▶ **What you are asked to do**
Could you retype all of the records exactly, leaving out every picture?

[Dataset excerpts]
-- Opening Marker --
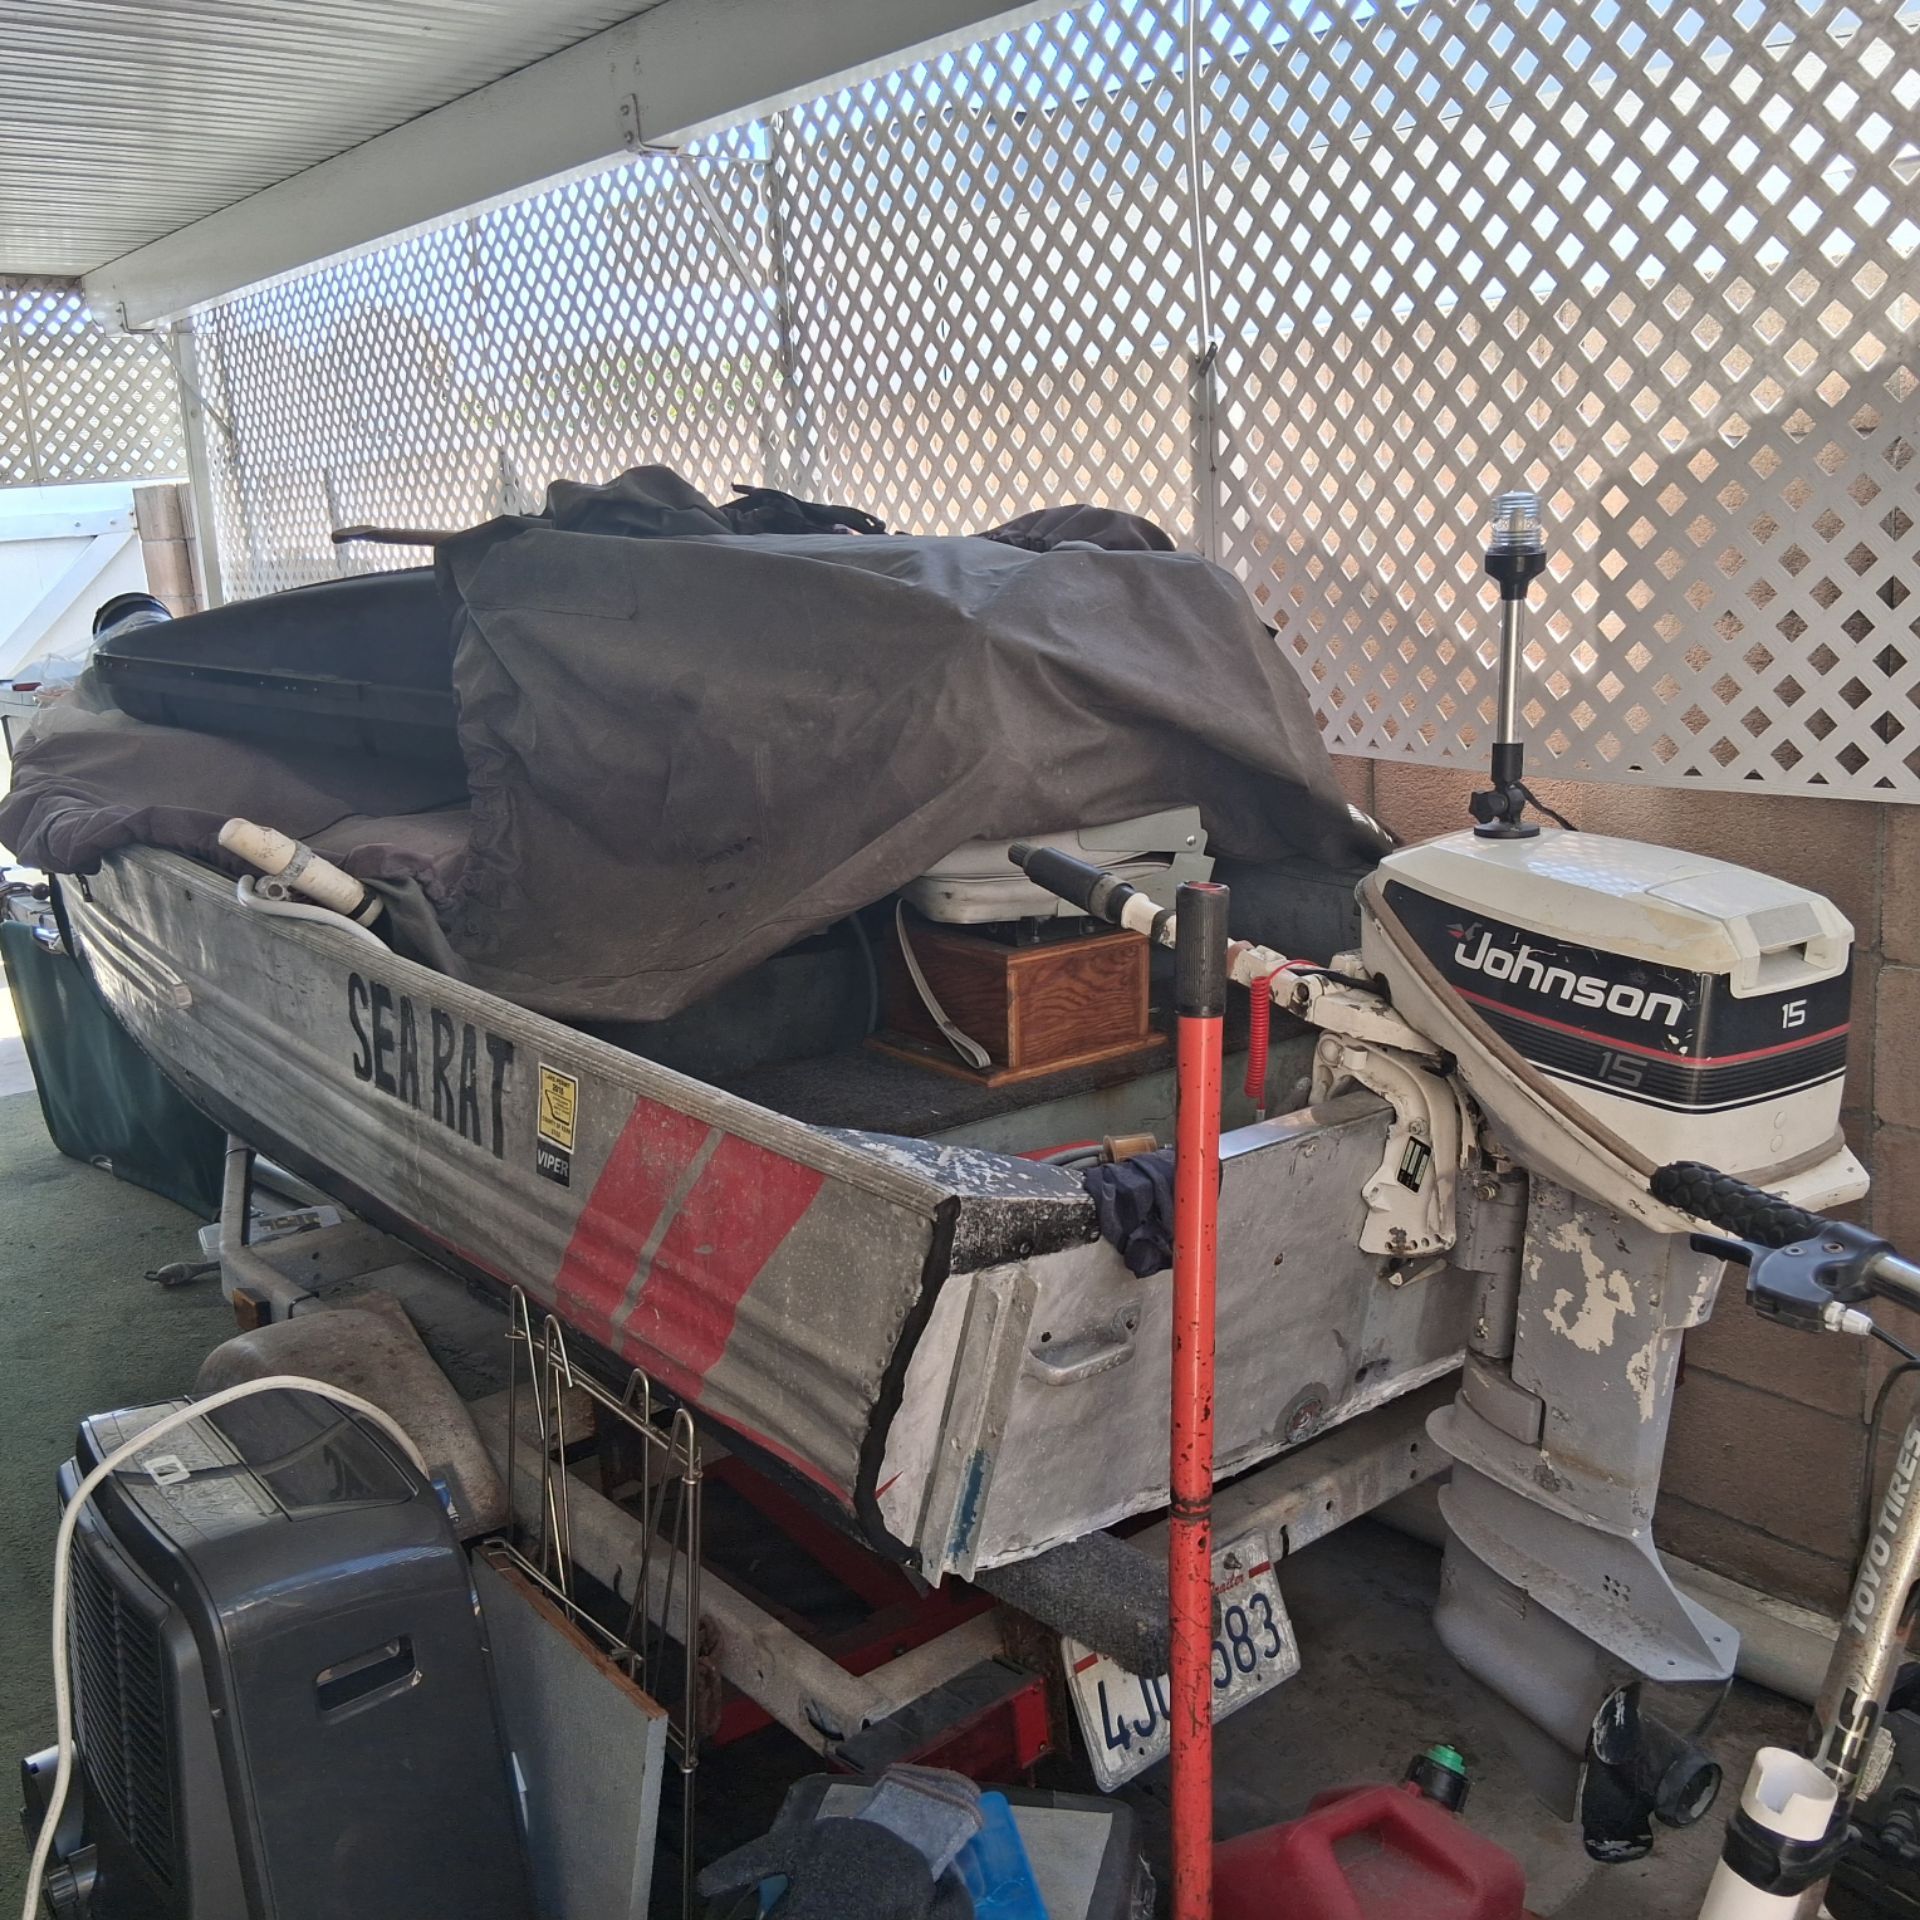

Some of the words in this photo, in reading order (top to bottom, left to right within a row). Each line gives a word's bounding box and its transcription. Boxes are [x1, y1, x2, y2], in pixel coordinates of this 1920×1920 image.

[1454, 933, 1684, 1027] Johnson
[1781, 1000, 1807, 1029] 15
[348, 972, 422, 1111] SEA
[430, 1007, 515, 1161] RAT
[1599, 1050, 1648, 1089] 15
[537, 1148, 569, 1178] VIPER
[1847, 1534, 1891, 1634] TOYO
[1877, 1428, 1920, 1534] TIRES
-- Closing Marker --
▶ **Written answer**
Some of the words in this photo, in reading order (top to bottom, left to right within a row). Each line gives a word's bounding box and its transcription. Boxes are [x1, y1, x2, y2], in pixel coordinates of this 1920×1920 image.

[1454, 933, 1684, 1027] Johnson
[1781, 1000, 1807, 1029] 15
[348, 972, 422, 1111] SEA
[430, 1007, 515, 1161] RAT
[1599, 1050, 1648, 1089] 15
[537, 1148, 569, 1178] VIPER
[1847, 1534, 1891, 1634] TOYO
[1877, 1428, 1920, 1534] TIRES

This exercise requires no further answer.